Extracted records Block Start

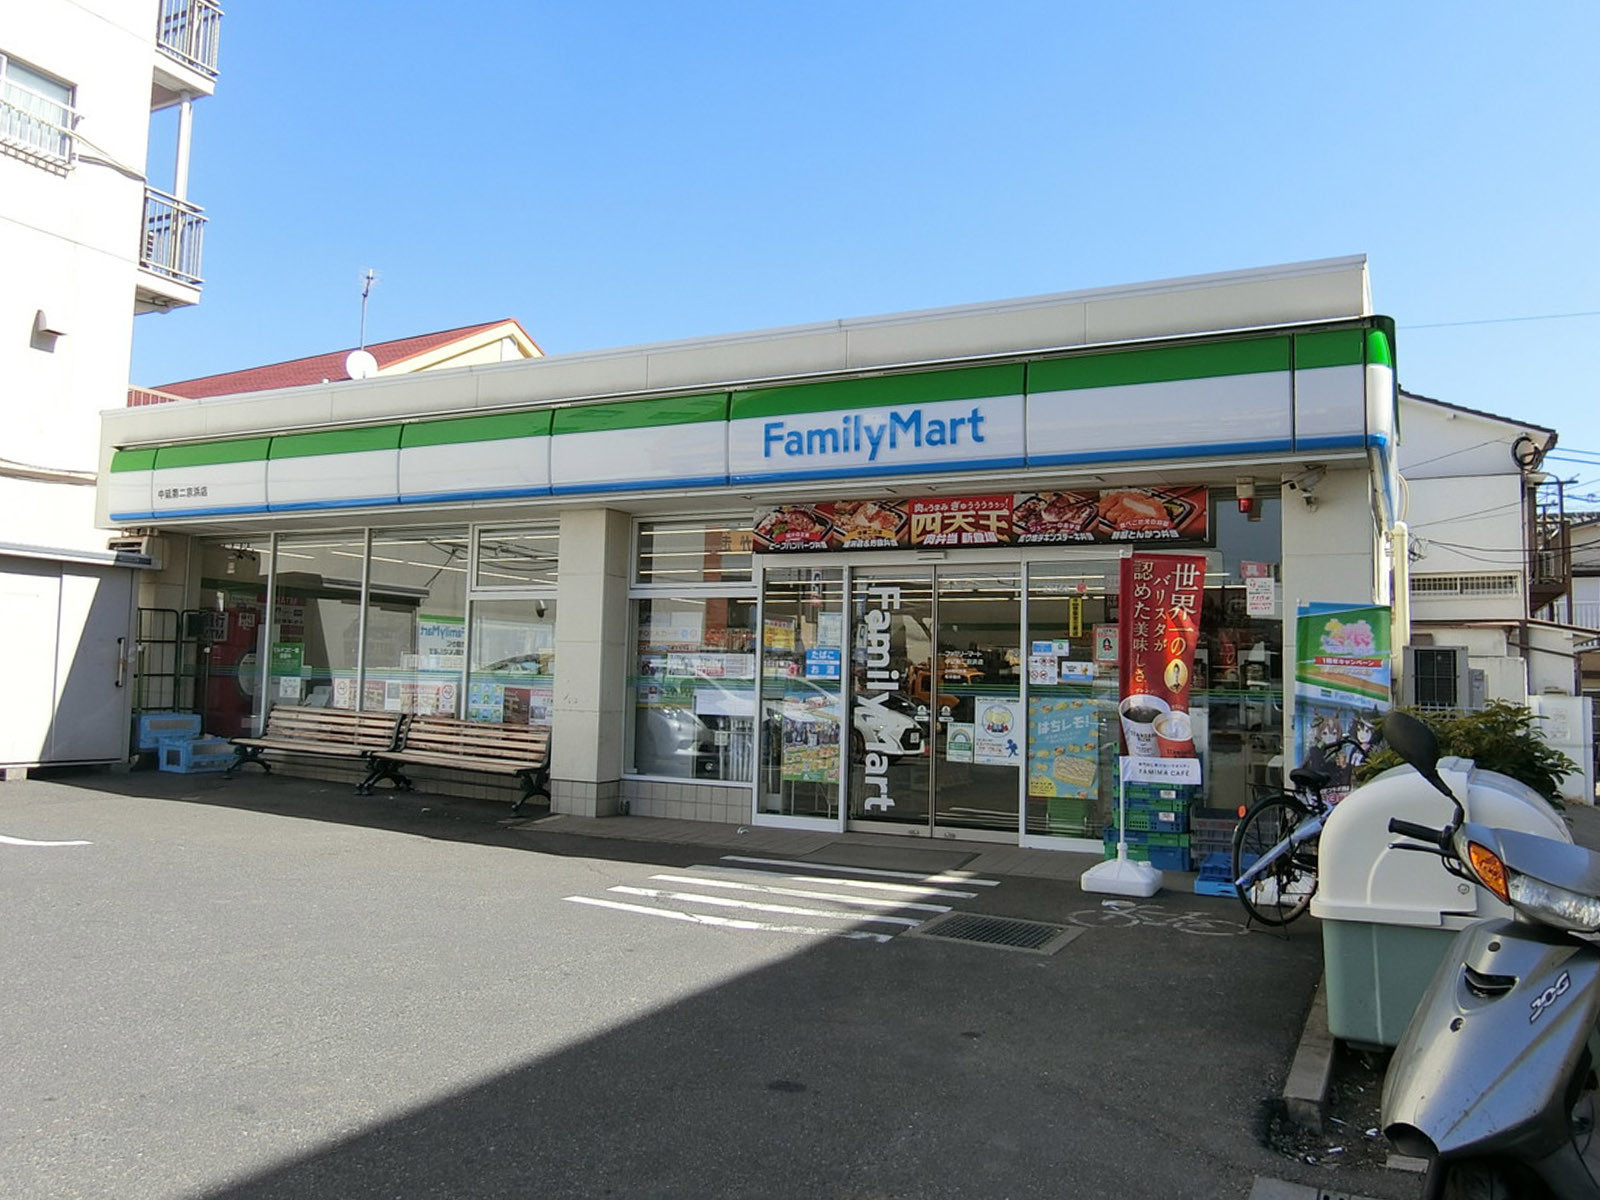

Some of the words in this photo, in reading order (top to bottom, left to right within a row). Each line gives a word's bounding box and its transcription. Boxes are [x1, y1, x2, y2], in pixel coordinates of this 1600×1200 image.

[764, 407, 985, 461] FamilyMart
[911, 509, 1011, 544] 四天王
[1133, 560, 1154, 683] 認めた美味しさ
[1153, 574, 1171, 652] バリスタが
[1168, 563, 1201, 656] 世界一の
[811, 650, 835, 660] たばこ
[857, 586, 901, 812] FamilyMart
[1529, 970, 1571, 1023] JOG
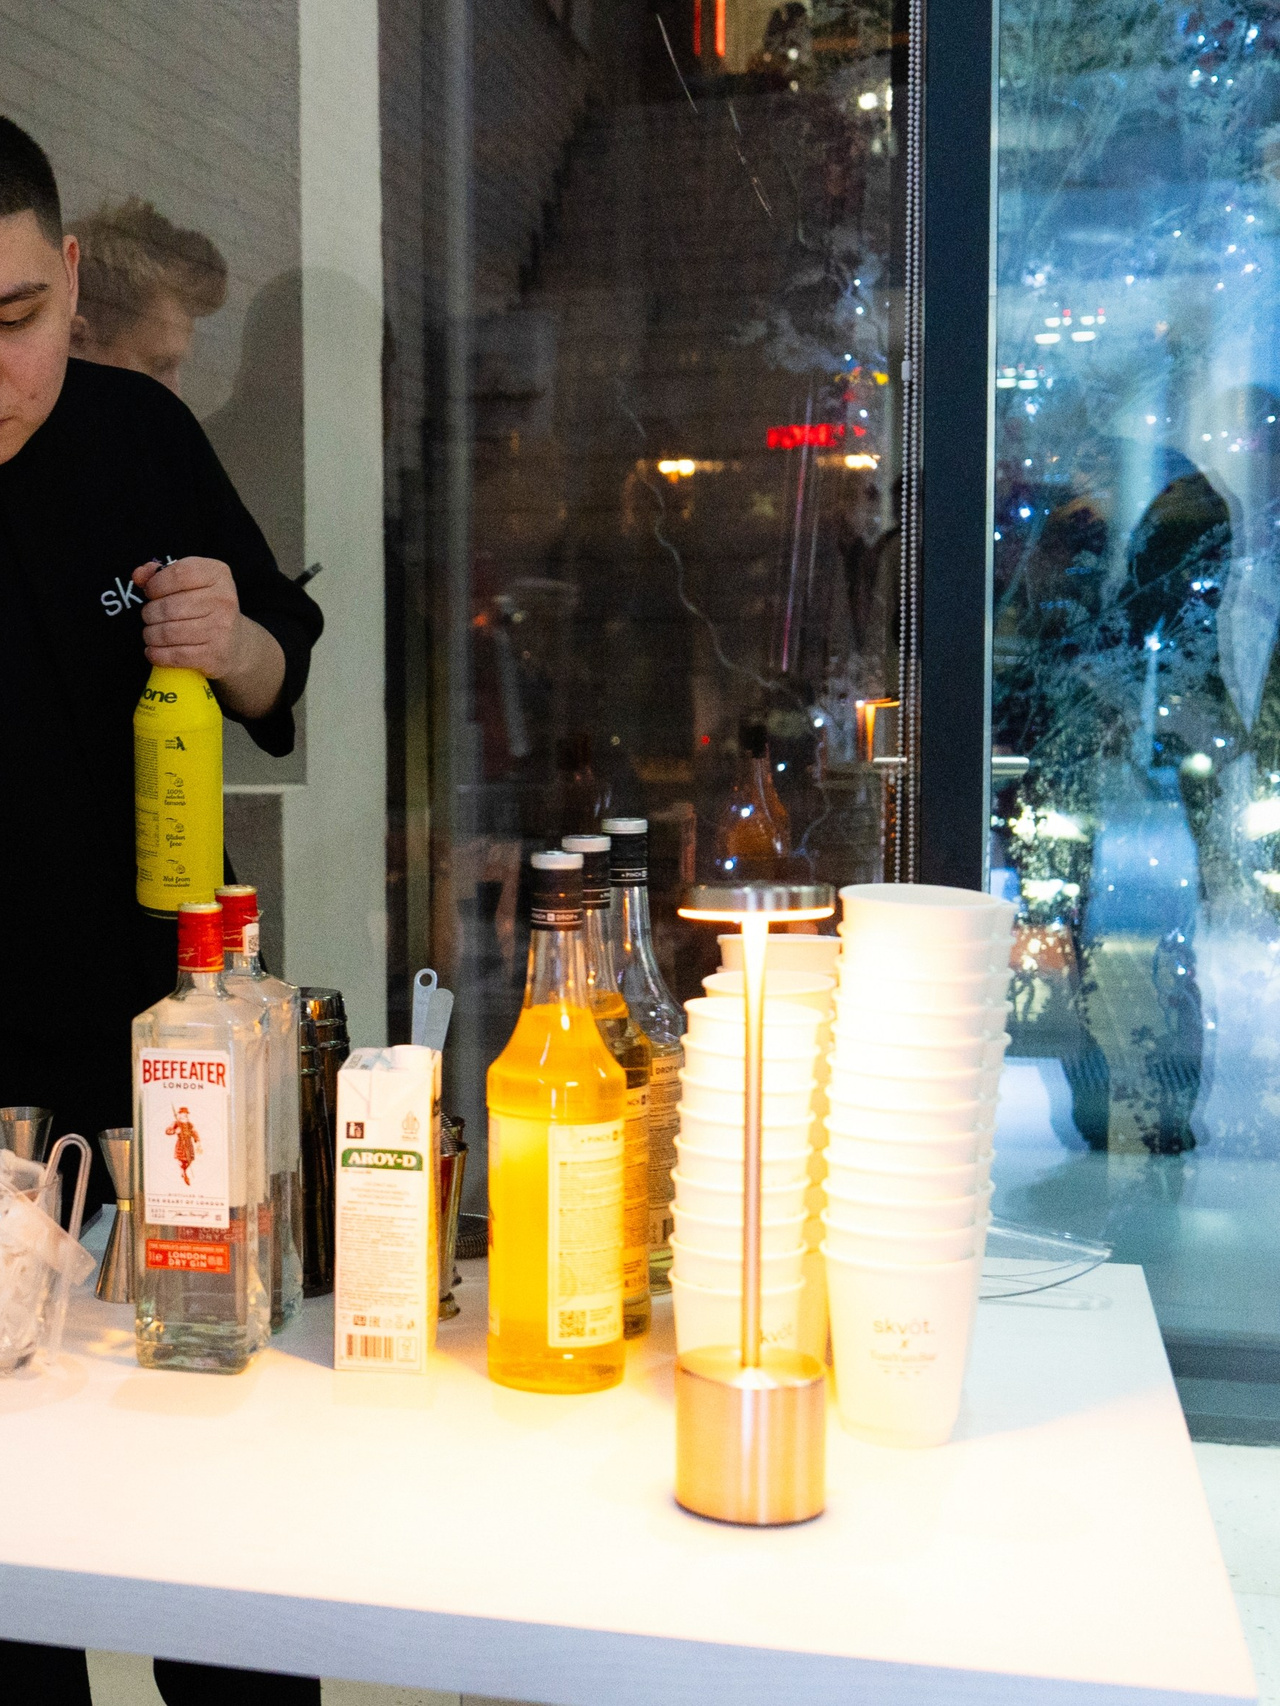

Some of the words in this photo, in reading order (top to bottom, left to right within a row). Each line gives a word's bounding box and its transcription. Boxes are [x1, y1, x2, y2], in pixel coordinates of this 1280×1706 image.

[141, 688, 177, 703] one
[142, 1058, 226, 1088] BEEFEATER
[162, 1081, 204, 1090] LONDON
[348, 1151, 417, 1168] AROY-D
[167, 1251, 207, 1261] LONDON
[167, 1258, 187, 1267] DRY
[189, 1260, 207, 1268] GIN

Extracted records Block End

About this task
The data must come back word for word, with every picture removed.

Exercise output
Some of the words in this photo, in reading order (top to bottom, left to right within a row). Each line gives a word's bounding box and its transcription. Boxes are [x1, y1, x2, y2], in pixel coordinates of this 1600×1200 image.

[764, 407, 985, 461] FamilyMart
[911, 509, 1011, 544] 四天王
[1133, 560, 1154, 683] 認めた美味しさ
[1153, 574, 1171, 652] バリスタが
[1168, 563, 1201, 656] 世界一の
[811, 650, 835, 660] たばこ
[857, 586, 901, 812] FamilyMart
[1529, 970, 1571, 1023] JOG

Some of the words in this photo, in reading order (top to bottom, left to right within a row). Each line gives a word's bounding box and its transcription. Boxes are [x1, y1, x2, y2], in pixel coordinates of this 1280×1706 image.

[141, 688, 177, 703] one
[142, 1058, 226, 1088] BEEFEATER
[162, 1081, 204, 1090] LONDON
[348, 1151, 417, 1168] AROY-D
[167, 1251, 207, 1261] LONDON
[167, 1258, 187, 1267] DRY
[189, 1260, 207, 1268] GIN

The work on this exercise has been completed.